### What the task asks
Could you please retype all of the records exactly, skipping any pictures?

### Information shown
——————

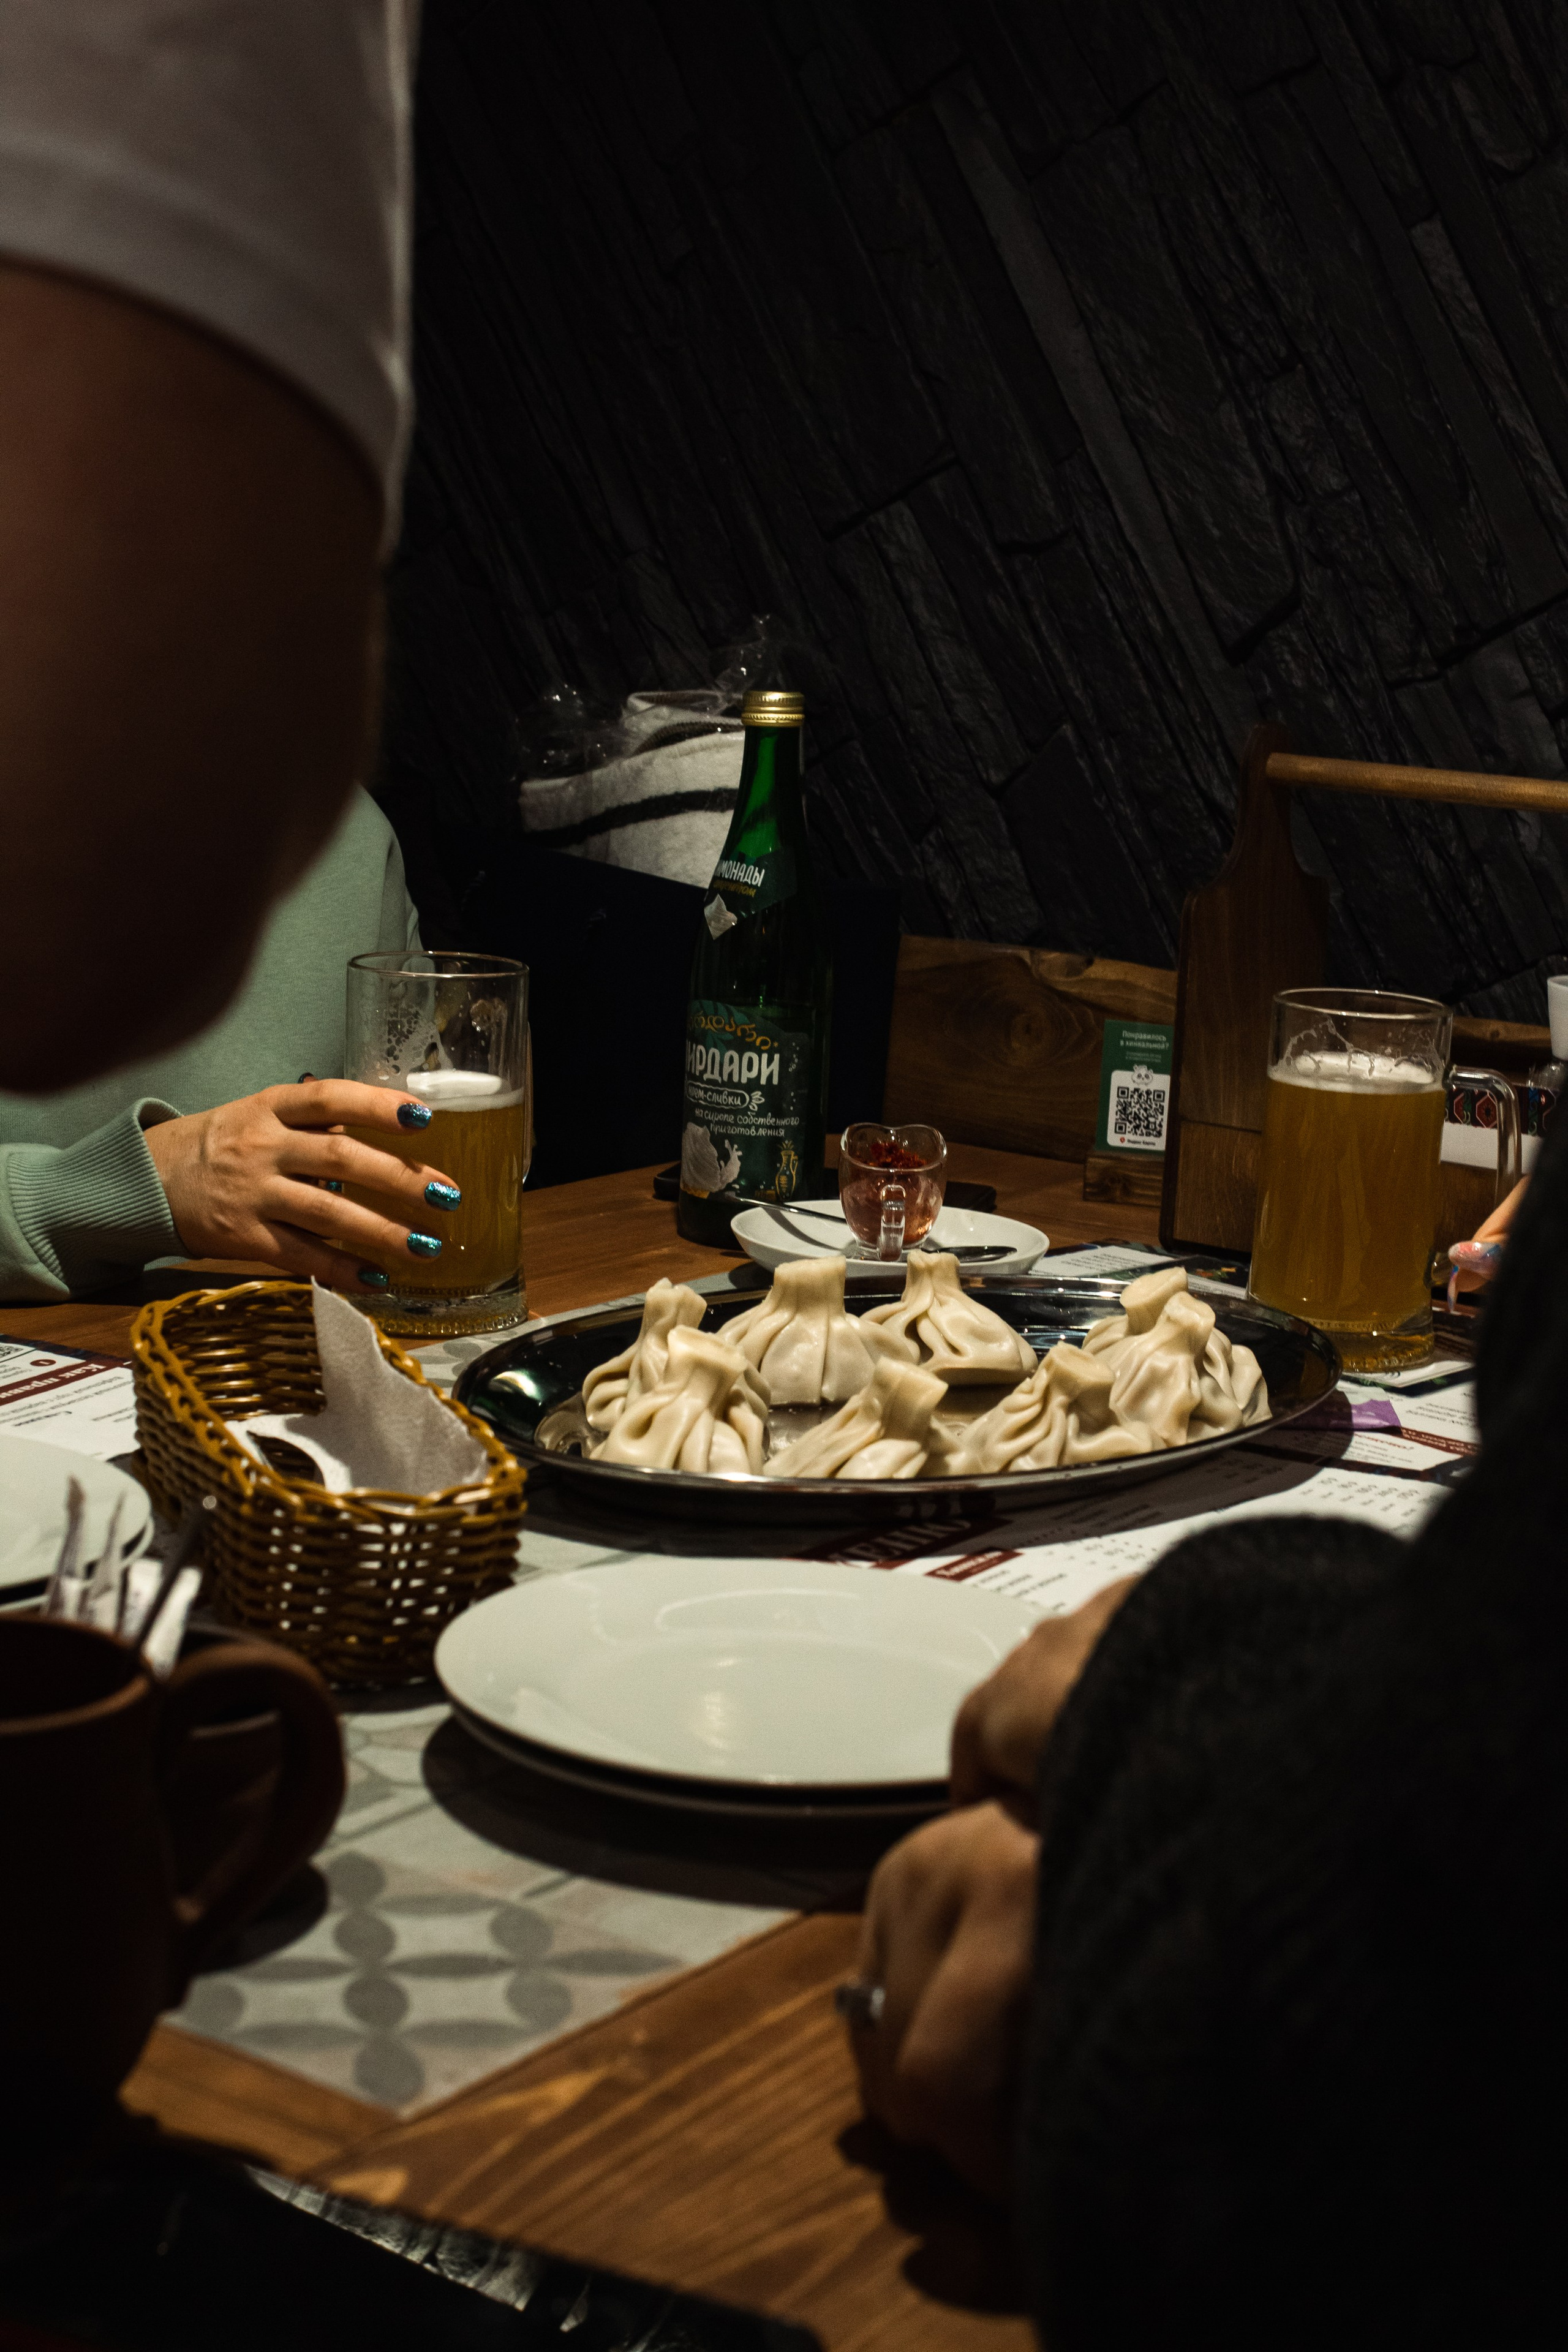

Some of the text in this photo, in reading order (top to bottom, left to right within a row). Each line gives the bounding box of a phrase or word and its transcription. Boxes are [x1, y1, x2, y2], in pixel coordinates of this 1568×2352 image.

[714, 859, 765, 887] МОНАДЫ
[1122, 1030, 1167, 1042] Понравилось
[1126, 1040, 1169, 1050] хинкальной?
[686, 1039, 780, 1085] ИРДАРИ
[688, 1085, 742, 1106] крем-сливки
[695, 1108, 800, 1126] на сиропе собственного
[710, 1123, 785, 1137] приготовления
[58, 1363, 107, 1379] Как

——————

### Reply
Some of the text in this photo, in reading order (top to bottom, left to right within a row). Each line gives the bounding box of a phrase or word and its transcription. Boxes are [x1, y1, x2, y2], in pixel coordinates of this 1568×2352 image.

[714, 859, 765, 887] МОНАДЫ
[1122, 1030, 1167, 1042] Понравилось
[1126, 1040, 1169, 1050] хинкальной?
[686, 1039, 780, 1085] ИРДАРИ
[688, 1085, 742, 1106] крем-сливки
[695, 1108, 800, 1126] на сиропе собственного
[710, 1123, 785, 1137] приготовления
[58, 1363, 107, 1379] Как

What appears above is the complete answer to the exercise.